Allah SWT berfirman:
allaziina aamanuu wa tathma`innu quluubuhum bizikrillaah, alaa bizikrillaahi tathma`innul-quluub
"(yaitu) orang-orang yang beriman dan hati mereka menjadi tenteram dengan mengingat Allah. Ingatlah, hanya dengan mengingat Allah hati menjadi tenteram."
(QS. Ar-Ra'd 13: Ayat 28)
Waktu terus berjalan, Sadiqah tersenyum melihat tumpukan baju yang telah selesai dijahitnya. Sadiqah meregangkan otot-otot tubuhnya yang kelelahan. Lalu ia merapikan peralatan menjahitnya. Tidak lama kemudian azan asar berkumandang. Sadiqah keluar dari kamarnya dan menuju tempat wudu. Di sana sudah ada ibu, dan neneknya. Seperti biasa, sebelum berwudu Sadiqah, dan keluarganya akan sikat gigi dengan pasta gigi bersiwak terlebih dahulu. Setelah itu mereka akan membuka cadar, dan mengendurkan ikatan kerudung mereka agar wajah, dan kepala mereka bisa dibasuh saat berwudu. Setelah selesai berwudu mereka menuju tempat shalat di rumah mereka. Setelah itu mereka shalat ashar berjamaah. Lalu seperti biasa setelah shalat mereka akan membaca doa setelah shalat, zikir petang, dan 20 ayat Al-Quran.

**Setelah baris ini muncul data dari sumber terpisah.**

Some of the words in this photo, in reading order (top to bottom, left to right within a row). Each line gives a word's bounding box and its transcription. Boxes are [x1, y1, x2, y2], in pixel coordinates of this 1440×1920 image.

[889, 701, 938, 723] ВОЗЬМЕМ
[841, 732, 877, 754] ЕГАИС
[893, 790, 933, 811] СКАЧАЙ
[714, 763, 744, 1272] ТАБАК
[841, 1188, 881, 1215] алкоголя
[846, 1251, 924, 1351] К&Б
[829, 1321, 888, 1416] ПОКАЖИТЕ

"Ibu, nenek aku izin mengajar anak-anak seperti biasa." Ucap Sadiqah setelah menaruh mukenanya di almari.
"Iya, kami akan selalu mengizinkanmu melakukan perbuatan yang mulia." Ucap Bu Salamah, dan Nenek Sumayyah bersamaan.

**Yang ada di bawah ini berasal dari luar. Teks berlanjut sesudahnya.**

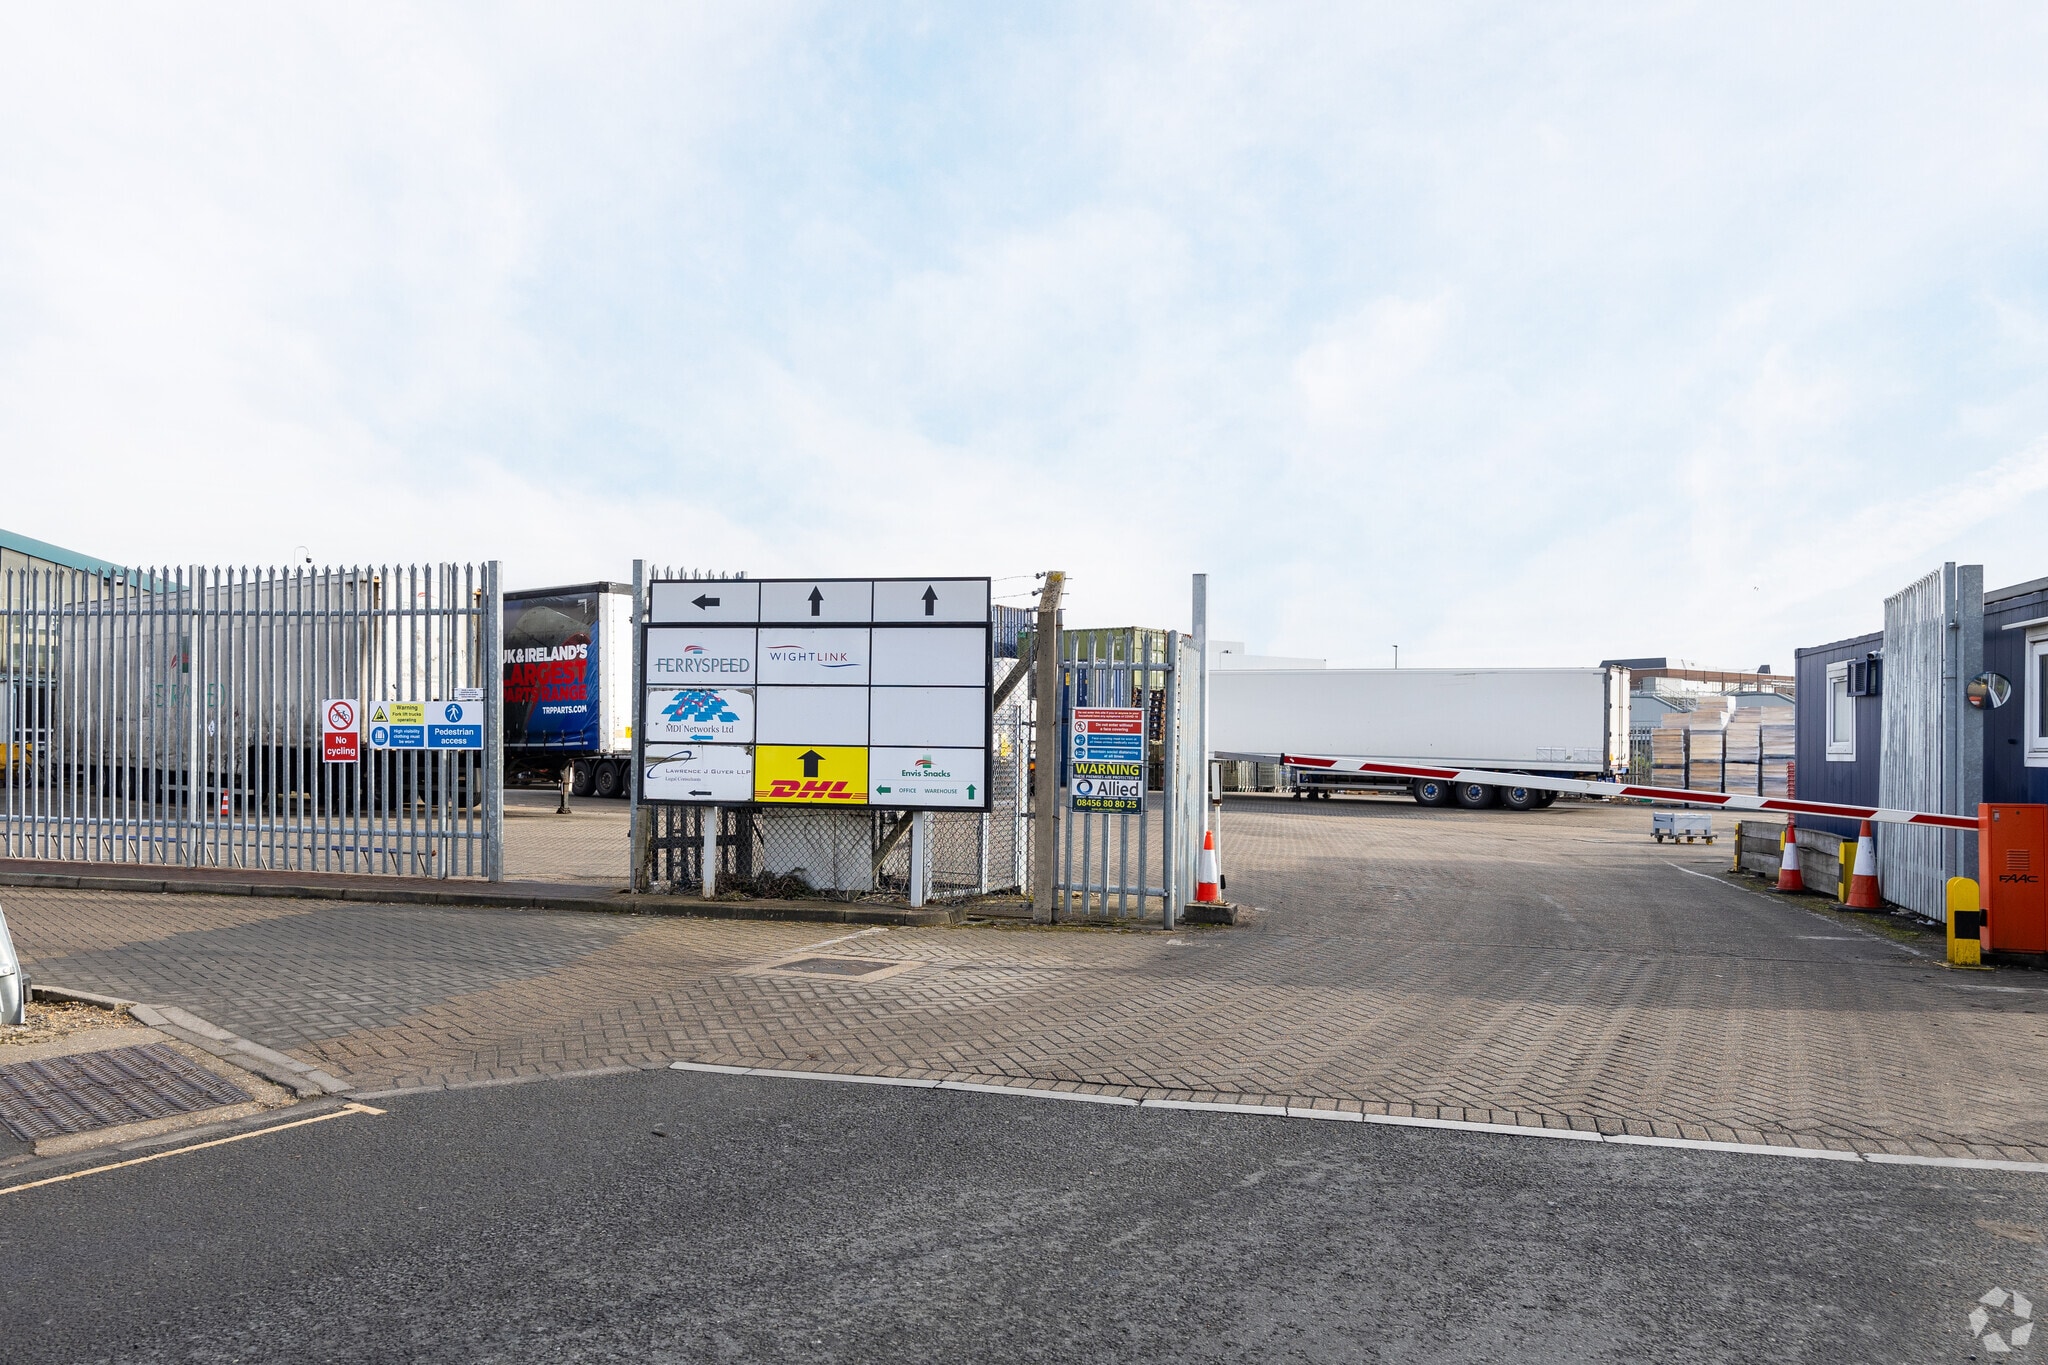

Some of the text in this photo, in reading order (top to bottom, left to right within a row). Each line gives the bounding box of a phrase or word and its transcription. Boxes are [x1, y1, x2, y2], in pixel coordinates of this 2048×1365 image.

[770, 652, 848, 662] WIGHTLINK
[655, 658, 750, 672] FERRYSPEED
[541, 684, 588, 702] RANGE
[542, 704, 588, 714] TRPPARTS.COM
[722, 726, 734, 734] Ltd
[335, 736, 347, 744] No
[327, 747, 356, 756] cycling
[1075, 763, 1139, 775] WARNING
[769, 780, 853, 799] DHL
[1097, 781, 1138, 796] Allied
[1999, 874, 2039, 883] FAAC

Sadiqah mengambil mushaf Al-Quran dari tempatnya lalu membawanya di pelukannya. Sadiqah mencium punggung tangan ibunya, dan neneknya bergantian.
"Wassalamu'alaikum warahmatullahi wabarakatuh." Ucap Sadiqah.
"Wa'alaikum salam warahmatullahi wabarakatuh." Jawab Bu Salamah dan Nenek Sumayyah.
Sadiqah keluar dari rumahnya lalu berbelok ke kiri beberapa langkah. Langkah Sadiqah berhenti saat ia sampai di depan sebuah rumah yang terdapat papan bertuliskan "panti asuhan Bunda Khadijah".
Sadiqah berdiri di samping pintu rumah itu.
"Assalamualaikum warahmatullahi wabarakatuh." Ucap Sadiqah dari luar rumah tersebut.
"Wa'alaikum salam warahmatullahi wabarakatuh." Jawab Bunda Khadijah seraya membukakan pintu untuk Sadiqah.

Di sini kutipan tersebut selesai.